_Assigned task_
All the data that follows should be repeated exactly, without a single picture.

(Source records)

<<<<

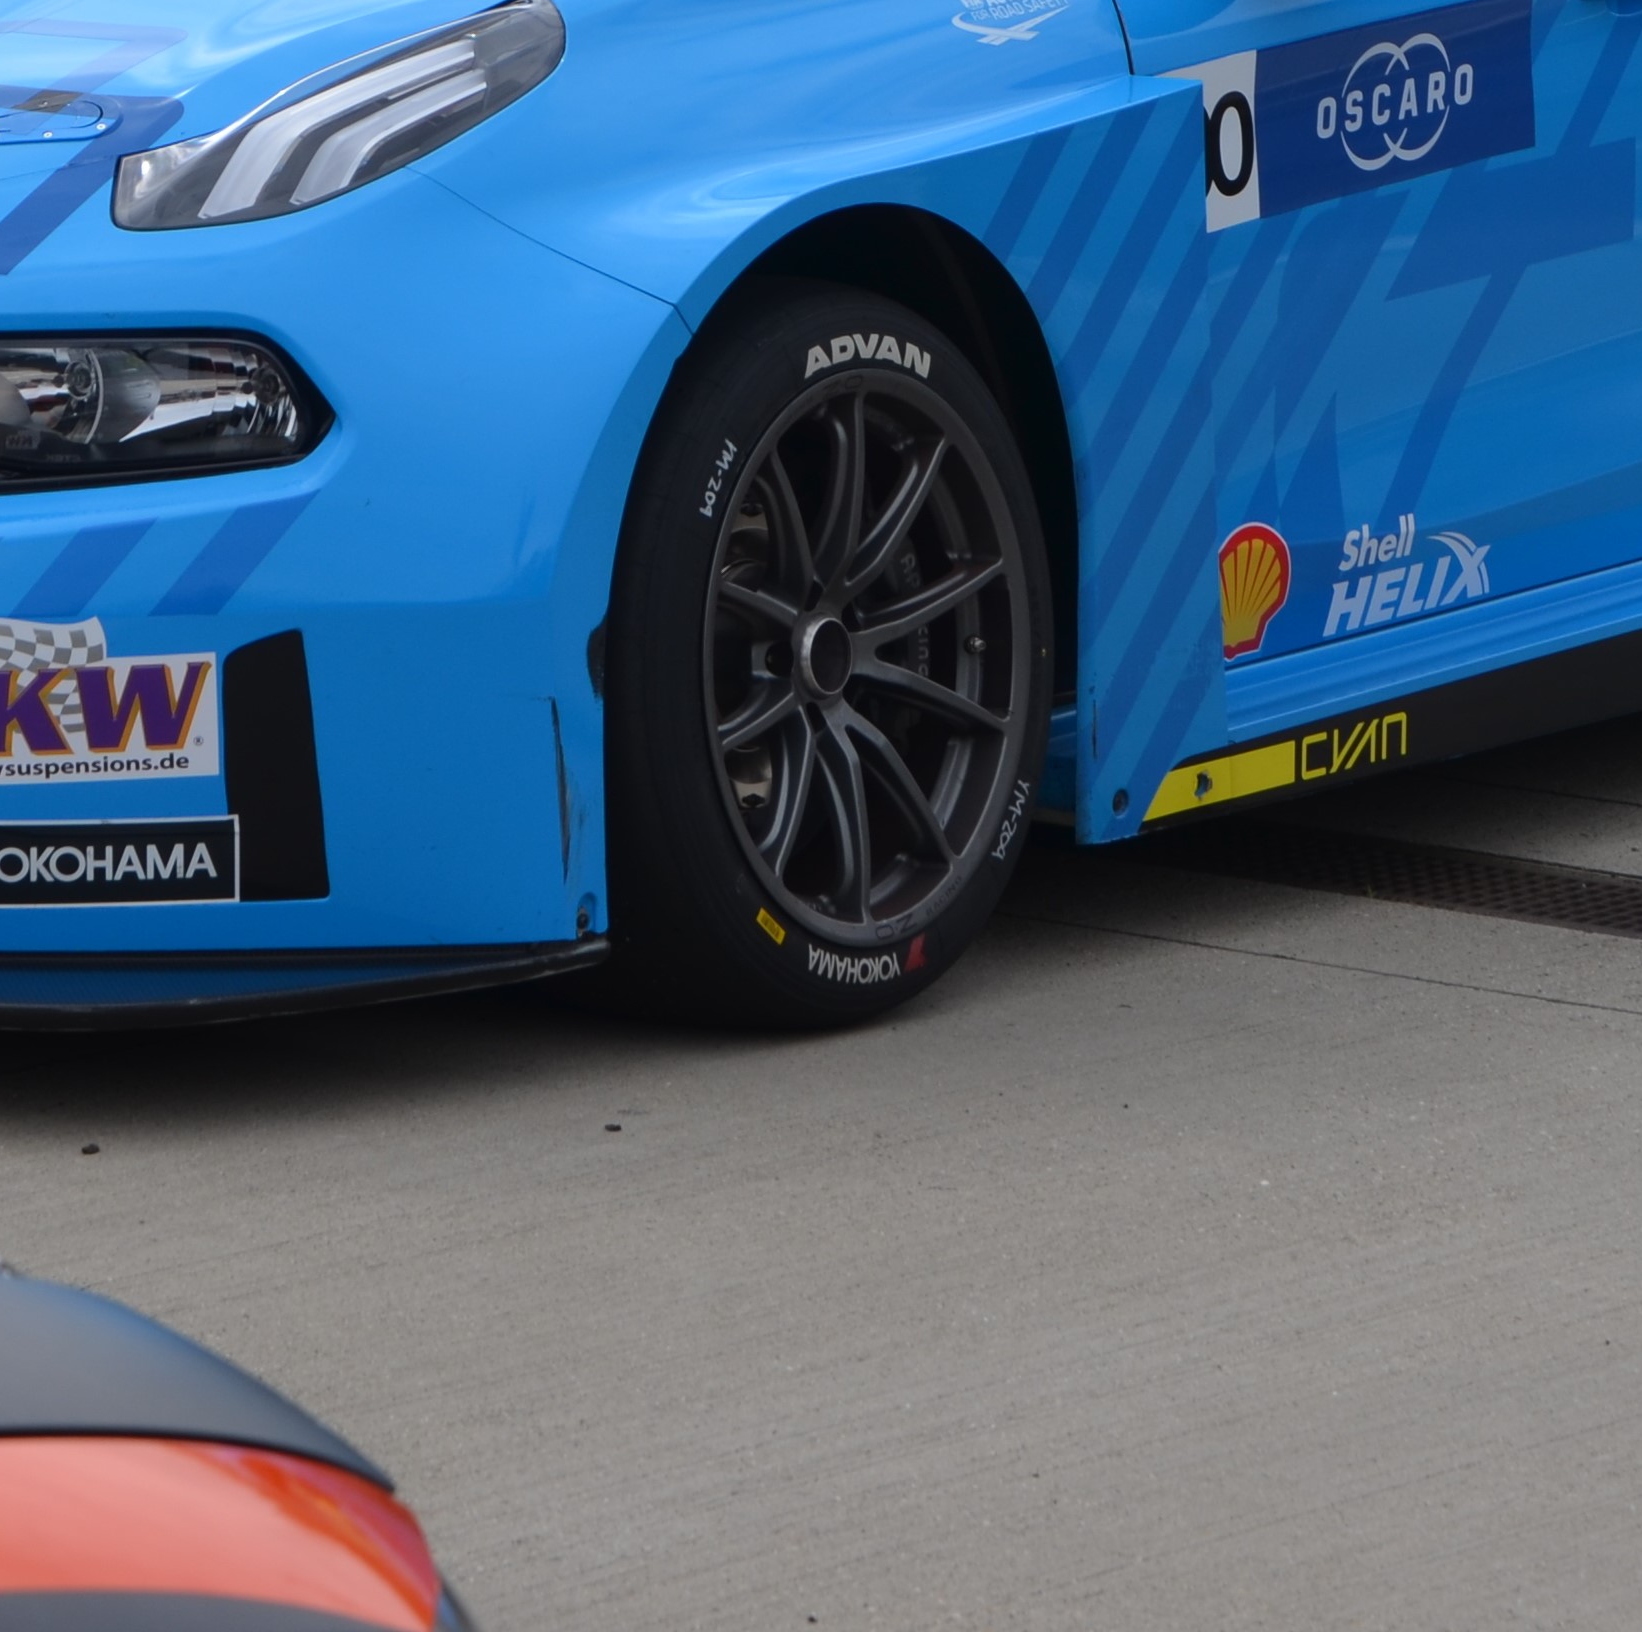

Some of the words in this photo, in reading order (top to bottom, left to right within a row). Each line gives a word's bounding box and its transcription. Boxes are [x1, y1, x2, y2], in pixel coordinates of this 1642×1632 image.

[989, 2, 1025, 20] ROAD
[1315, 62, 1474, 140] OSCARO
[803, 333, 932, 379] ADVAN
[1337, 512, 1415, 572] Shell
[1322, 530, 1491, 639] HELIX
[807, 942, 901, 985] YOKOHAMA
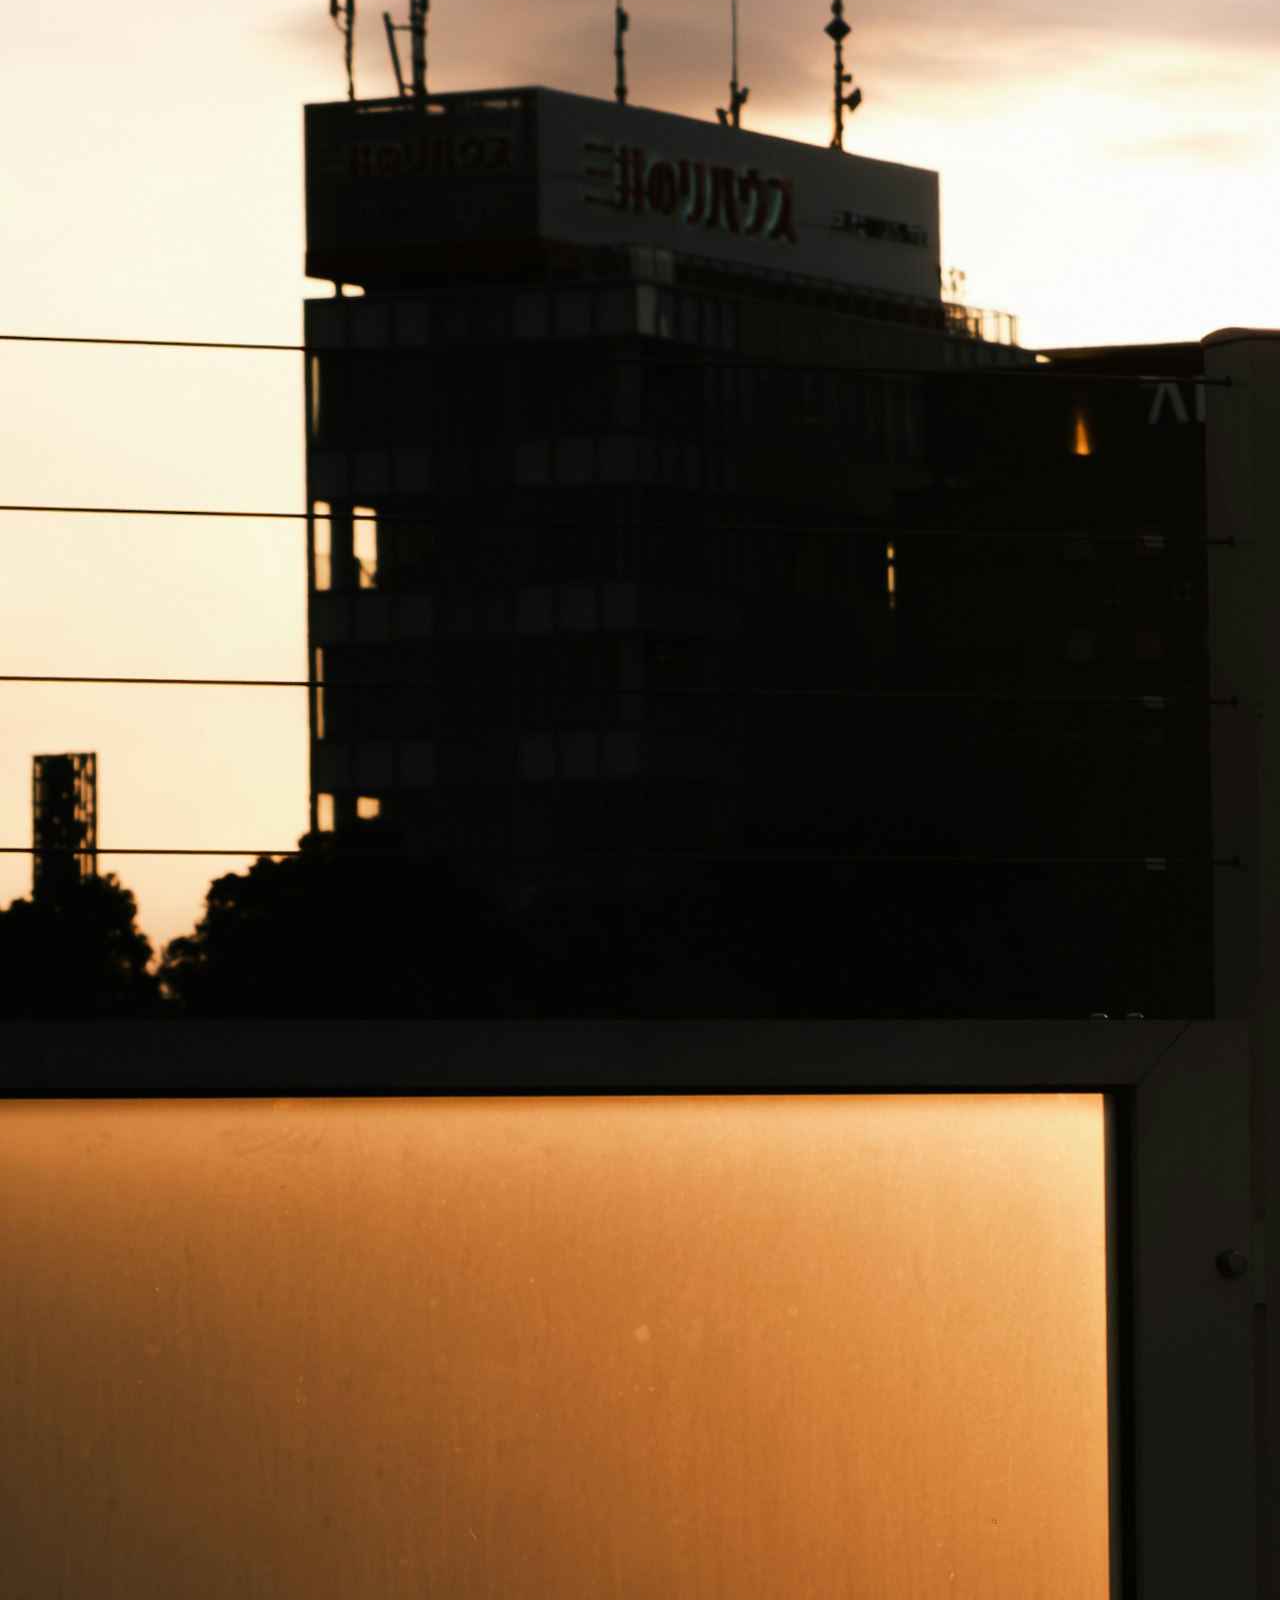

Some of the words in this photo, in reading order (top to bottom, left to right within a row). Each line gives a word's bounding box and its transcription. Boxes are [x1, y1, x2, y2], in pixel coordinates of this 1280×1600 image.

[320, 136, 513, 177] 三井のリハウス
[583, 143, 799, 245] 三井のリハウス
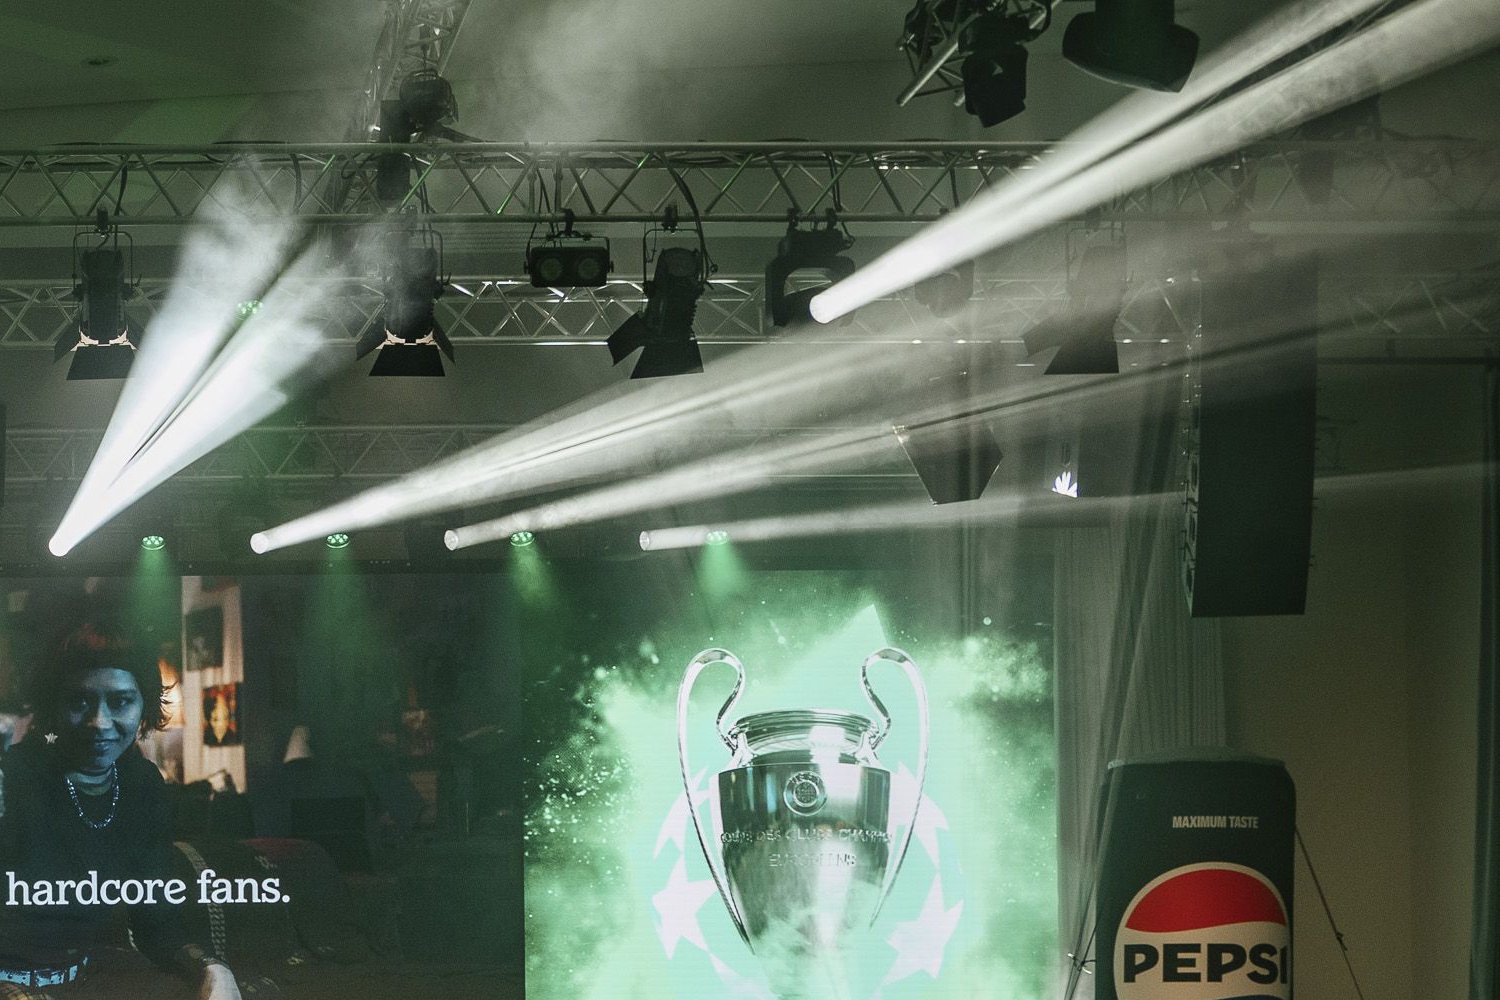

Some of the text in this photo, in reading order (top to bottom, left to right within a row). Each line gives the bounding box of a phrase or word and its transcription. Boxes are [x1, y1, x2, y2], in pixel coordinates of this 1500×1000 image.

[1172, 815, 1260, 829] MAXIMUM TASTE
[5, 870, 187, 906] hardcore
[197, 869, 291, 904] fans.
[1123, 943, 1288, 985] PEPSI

>>>>

_Written response_
Some of the words in this photo, in reading order (top to bottom, left to right within a row). Each line gives a word's bounding box and its transcription. Boxes are [x1, y1, x2, y2], in pixel coordinates of this 1642×1632 image.

[989, 2, 1025, 20] ROAD
[1315, 62, 1474, 140] OSCARO
[803, 333, 932, 379] ADVAN
[1337, 512, 1415, 572] Shell
[1322, 530, 1491, 639] HELIX
[807, 942, 901, 985] YOKOHAMA

Some of the words in this photo, in reading order (top to bottom, left to right within a row). Each line gives a word's bounding box and its transcription. Boxes are [x1, y1, x2, y2], in pixel coordinates of this 1280×1600 image.

[320, 136, 513, 177] 三井のリハウス
[583, 143, 799, 245] 三井のリハウス

Some of the text in this photo, in reading order (top to bottom, left to right within a row). Each line gives the bounding box of a phrase or word and its transcription. Boxes are [x1, y1, x2, y2], in pixel coordinates of this 1500×1000 image.

[1172, 815, 1260, 829] MAXIMUM TASTE
[5, 870, 187, 906] hardcore
[197, 869, 291, 904] fans.
[1123, 943, 1288, 985] PEPSI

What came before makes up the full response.